_Work task:_ Please write out all the data that follows exactly, without the pictures.

_Information supplied:_

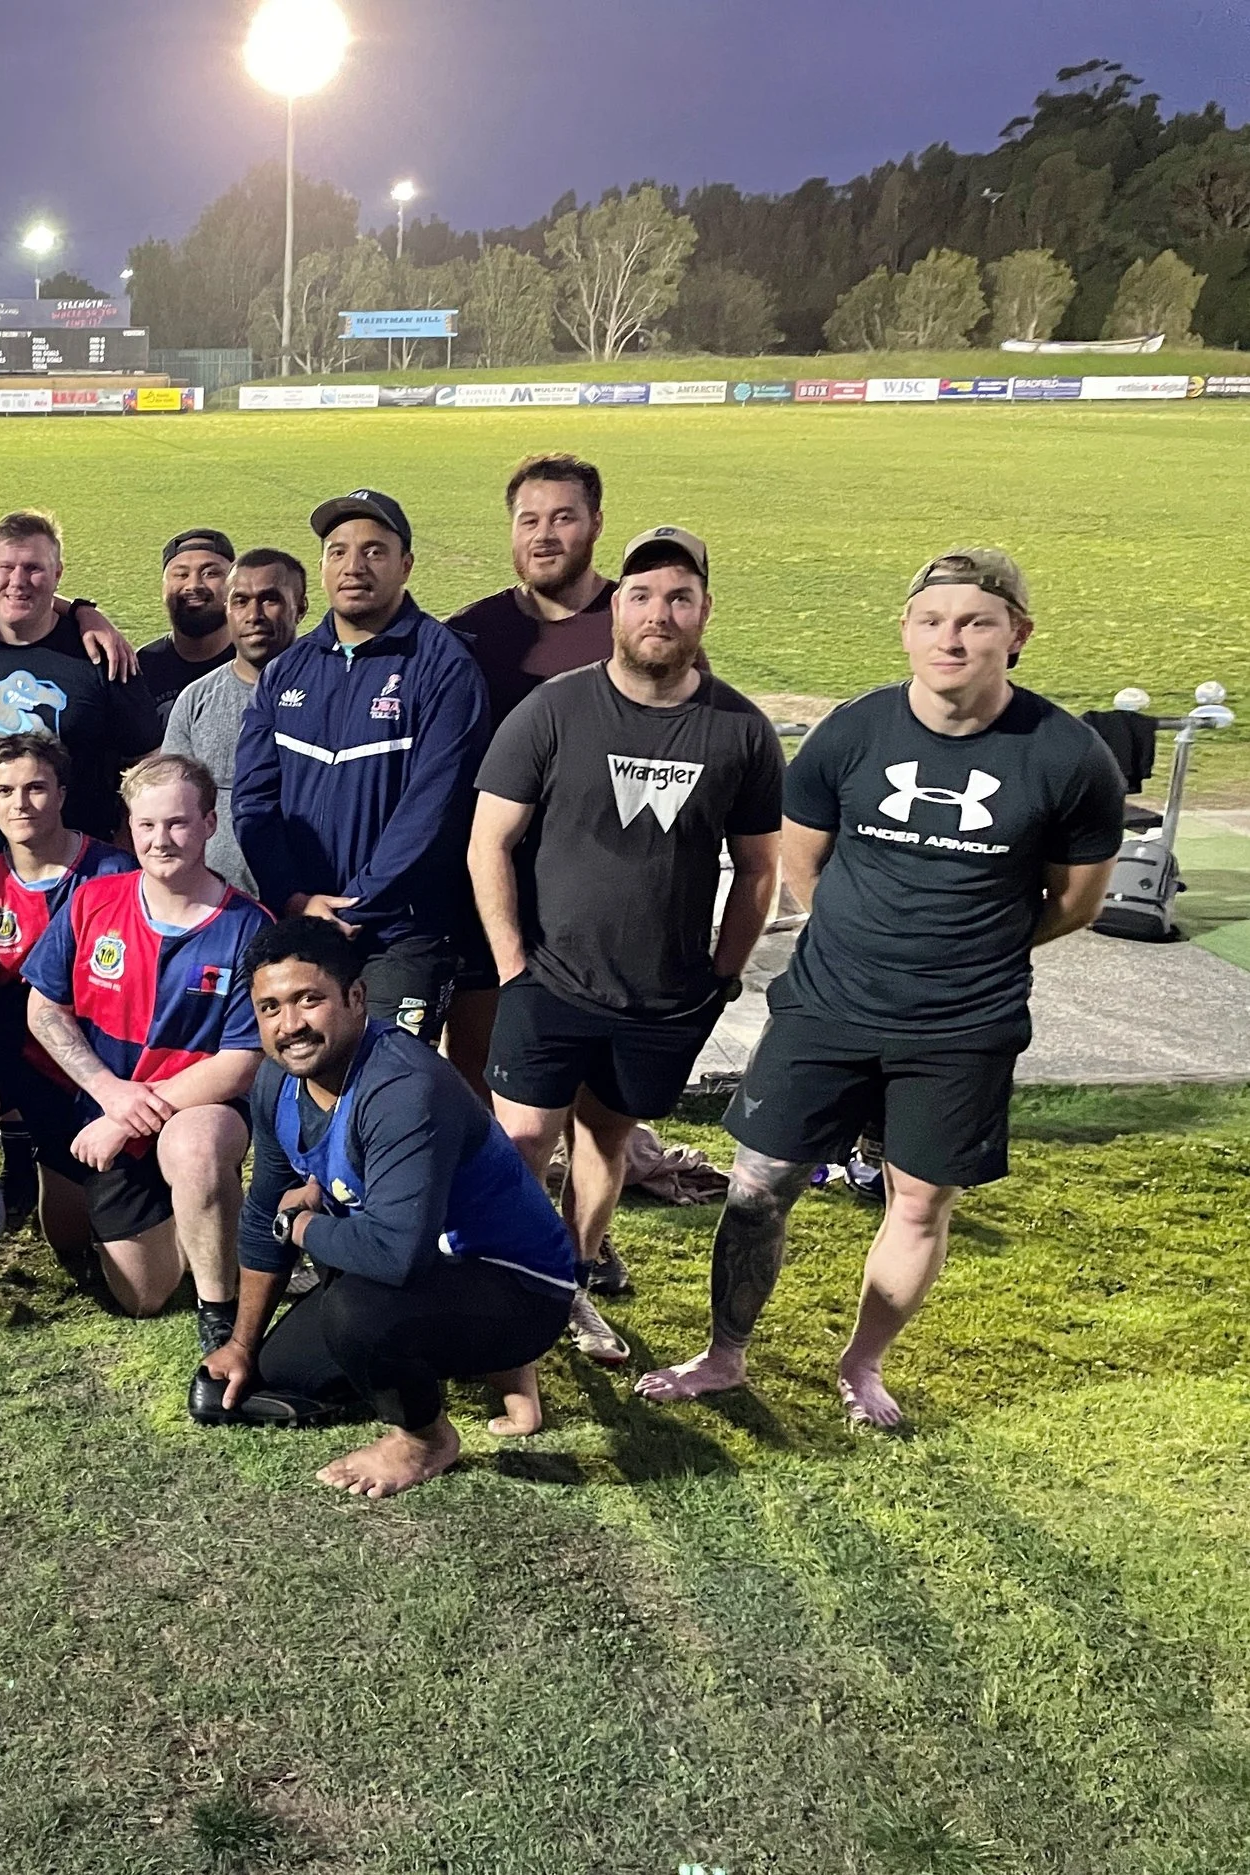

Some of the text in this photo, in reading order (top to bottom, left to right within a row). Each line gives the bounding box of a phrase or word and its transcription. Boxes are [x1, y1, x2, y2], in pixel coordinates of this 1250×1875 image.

[800, 385, 828, 397] BRIX
[883, 381, 925, 394] WJSC
[613, 758, 696, 790] Wrangler
[857, 824, 1010, 854] UNDER ARMOUR
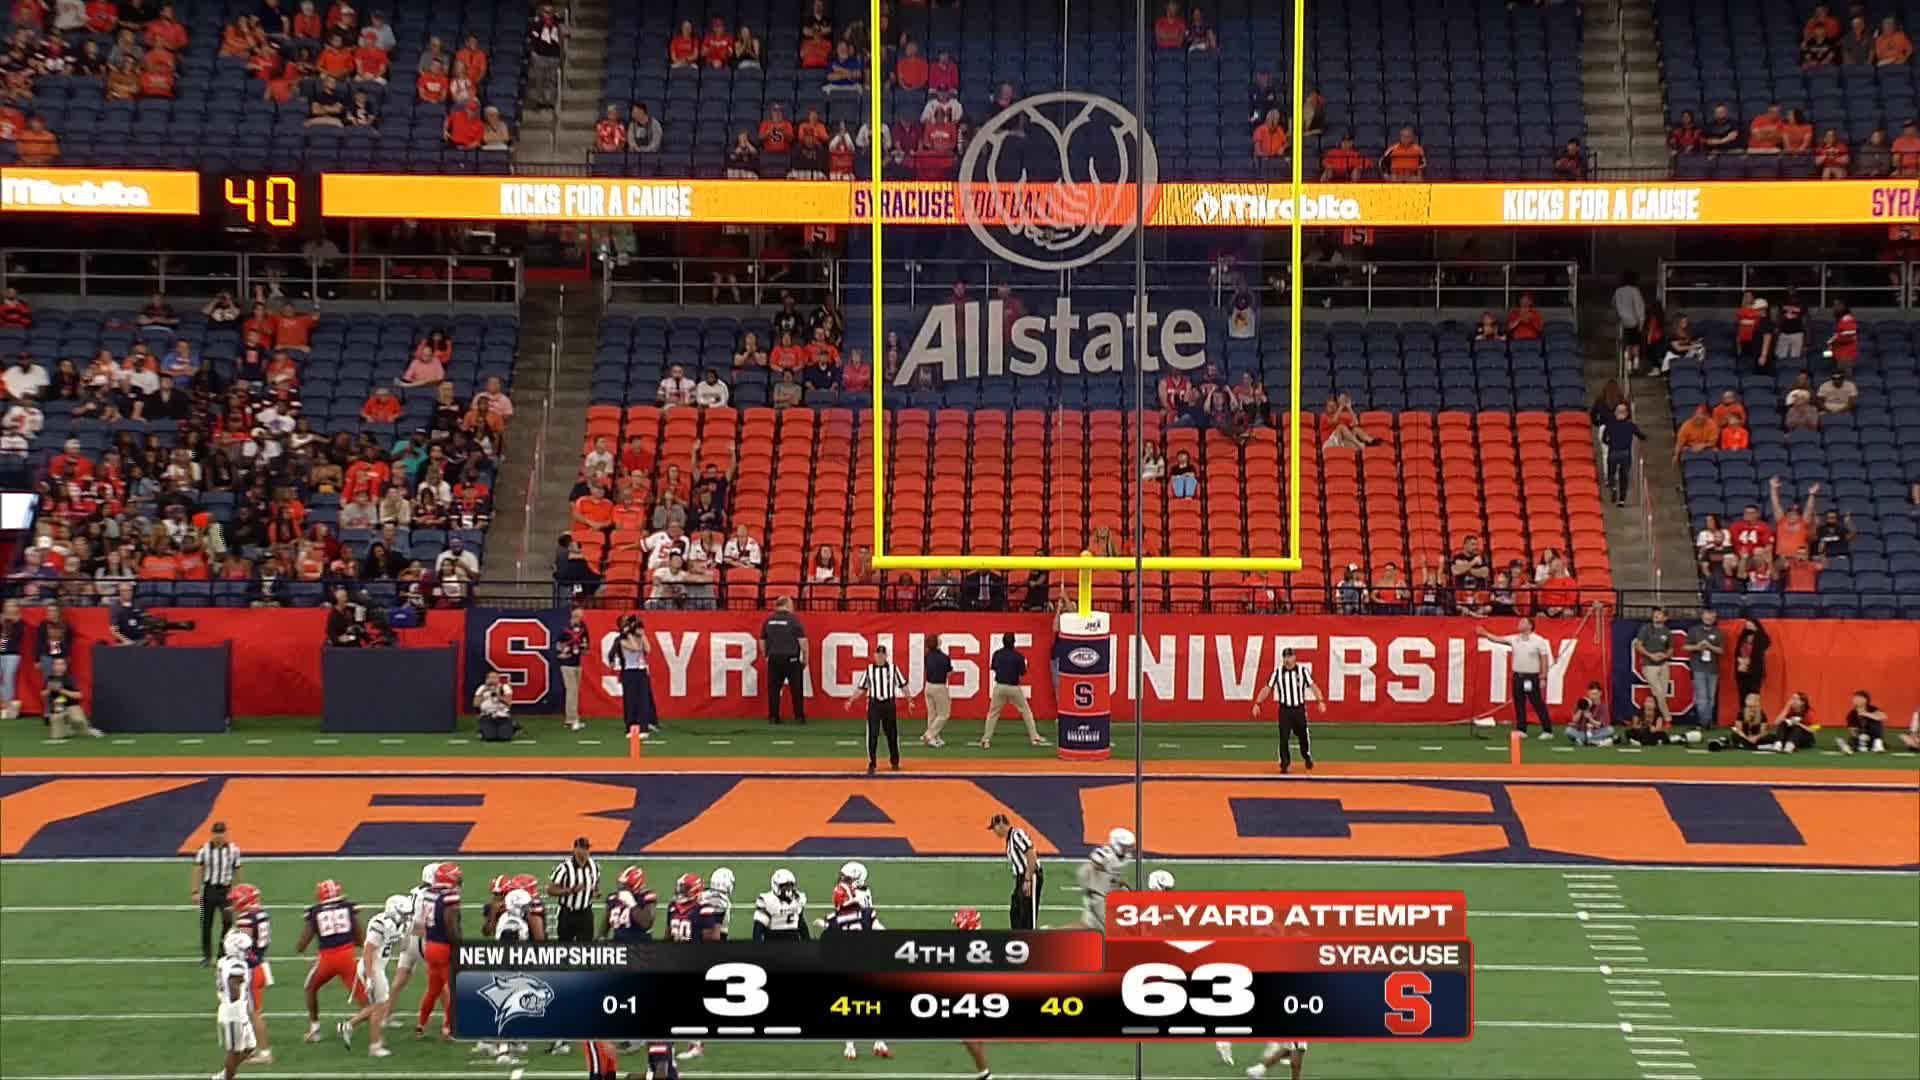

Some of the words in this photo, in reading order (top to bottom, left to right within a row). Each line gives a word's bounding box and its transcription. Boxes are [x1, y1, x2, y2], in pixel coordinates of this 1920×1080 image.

[225, 177, 295, 226] 40
[500, 183, 561, 214] KICKS
[564, 184, 605, 216] FOR
[608, 185, 624, 216] A
[626, 185, 693, 217] CAUSE
[854, 190, 955, 218] SYRACUSE
[961, 191, 1053, 219] OOTBALL
[1503, 189, 1564, 220] KICKS
[1568, 188, 1609, 220] FOR
[1612, 188, 1628, 220] A
[1631, 187, 1700, 220] CAUSE
[892, 295, 1207, 387] Allstate
[1739, 530, 1758, 544] 44
[485, 618, 550, 704] S
[601, 631, 1033, 699] SYRCUSE
[1109, 634, 1577, 705] NIVERSITY
[1074, 682, 1095, 709] S

_Task output:_
Some of the text in this photo, in reading order (top to bottom, left to right within a row). Each line gives the bounding box of a phrase or word and its transcription. Boxes are [x1, y1, x2, y2], in pixel coordinates of this 1250×1875 image.

[800, 385, 828, 397] BRIX
[883, 381, 925, 394] WJSC
[613, 758, 696, 790] Wrangler
[857, 824, 1010, 854] UNDER ARMOUR

Some of the words in this photo, in reading order (top to bottom, left to right within a row). Each line gives a word's bounding box and its transcription. Boxes are [x1, y1, x2, y2], in pixel coordinates of this 1920×1080 image.

[225, 177, 295, 226] 40
[500, 183, 561, 214] KICKS
[564, 184, 605, 216] FOR
[608, 185, 624, 216] A
[626, 185, 693, 217] CAUSE
[854, 190, 955, 218] SYRACUSE
[961, 191, 1053, 219] OOTBALL
[1503, 189, 1564, 220] KICKS
[1568, 188, 1609, 220] FOR
[1612, 188, 1628, 220] A
[1631, 187, 1700, 220] CAUSE
[892, 295, 1207, 387] Allstate
[1739, 530, 1758, 544] 44
[485, 618, 550, 704] S
[601, 631, 1033, 699] SYRCUSE
[1109, 634, 1577, 705] NIVERSITY
[1074, 682, 1095, 709] S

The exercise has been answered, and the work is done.